YOUR TASK: Leaving every picture out, repeat all of the entries below exactly.
=== Section Start ===
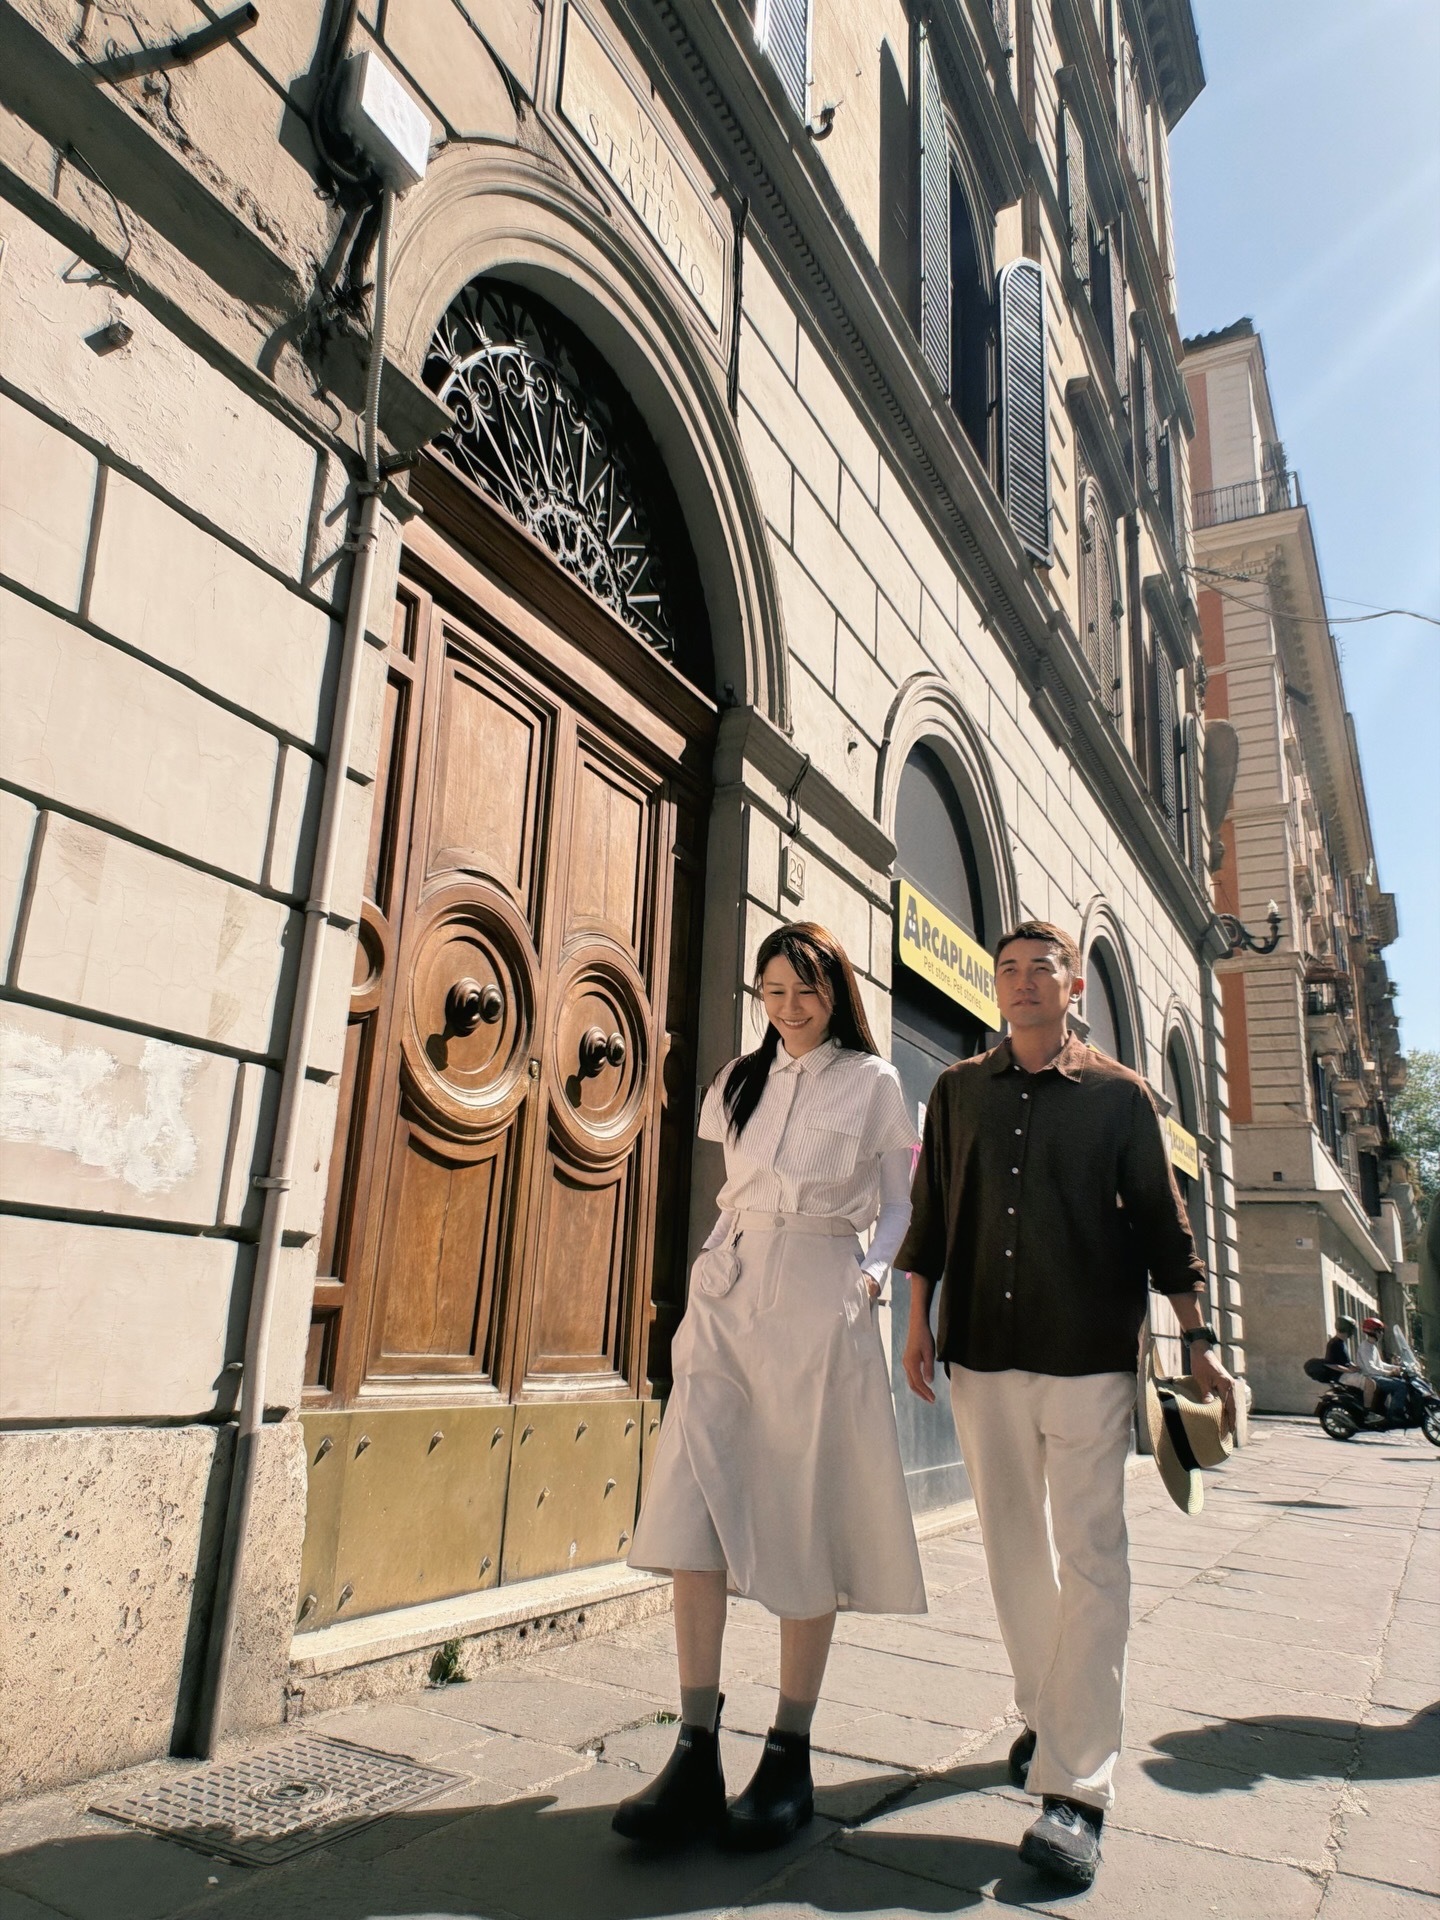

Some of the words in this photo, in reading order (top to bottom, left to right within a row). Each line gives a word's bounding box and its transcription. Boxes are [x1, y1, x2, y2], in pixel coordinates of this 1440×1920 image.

[629, 138, 679, 222] DELLO
[637, 109, 674, 191] VIA
[586, 114, 705, 296] STATUTO
[790, 858, 804, 888] 29
[903, 894, 995, 1003] ARCAPLANET
[923, 955, 934, 975] Pet
[953, 978, 963, 996] Pet
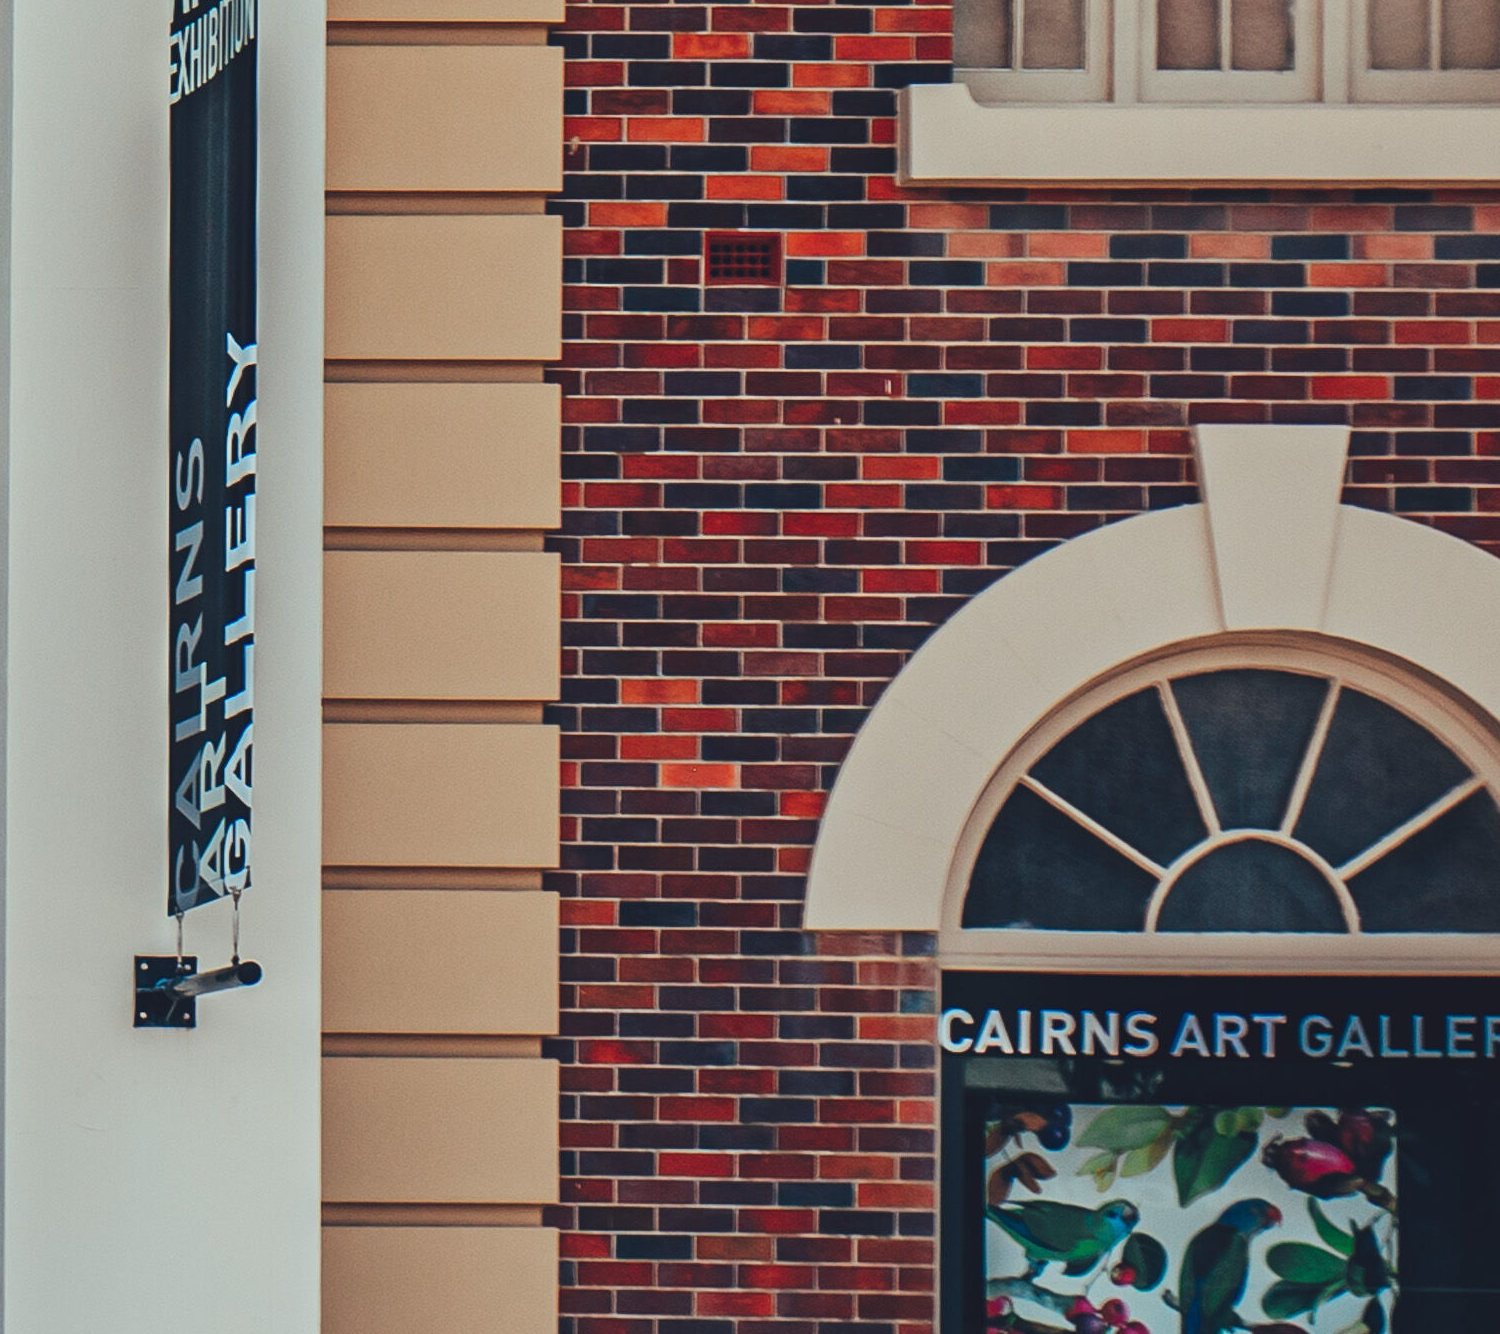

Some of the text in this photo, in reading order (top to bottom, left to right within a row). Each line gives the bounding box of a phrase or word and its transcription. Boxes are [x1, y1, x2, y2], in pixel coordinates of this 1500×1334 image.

[176, 435, 204, 913] CAIRNS
[200, 661, 227, 898] ART
[225, 331, 257, 894] GALLERY
[938, 1008, 1159, 1055] CAIRNS
[1171, 1012, 1287, 1058] ART
=== Section End ===
SOLVED PROBLEM:
Some of the words in this photo, in reading order (top to bottom, left to right within a row). Each line gives a word's bounding box and its transcription. Boxes are [x1, y1, x2, y2], in pixel coordinates of this 1440×1920 image.

[629, 138, 679, 222] DELLO
[637, 109, 674, 191] VIA
[586, 114, 705, 296] STATUTO
[790, 858, 804, 888] 29
[903, 894, 995, 1003] ARCAPLANET
[923, 955, 934, 975] Pet
[953, 978, 963, 996] Pet

Some of the text in this photo, in reading order (top to bottom, left to right within a row). Each line gives the bounding box of a phrase or word and its transcription. Boxes are [x1, y1, x2, y2], in pixel coordinates of this 1500×1334 image.

[176, 435, 204, 913] CAIRNS
[200, 661, 227, 898] ART
[225, 331, 257, 894] GALLERY
[938, 1008, 1159, 1055] CAIRNS
[1171, 1012, 1287, 1058] ART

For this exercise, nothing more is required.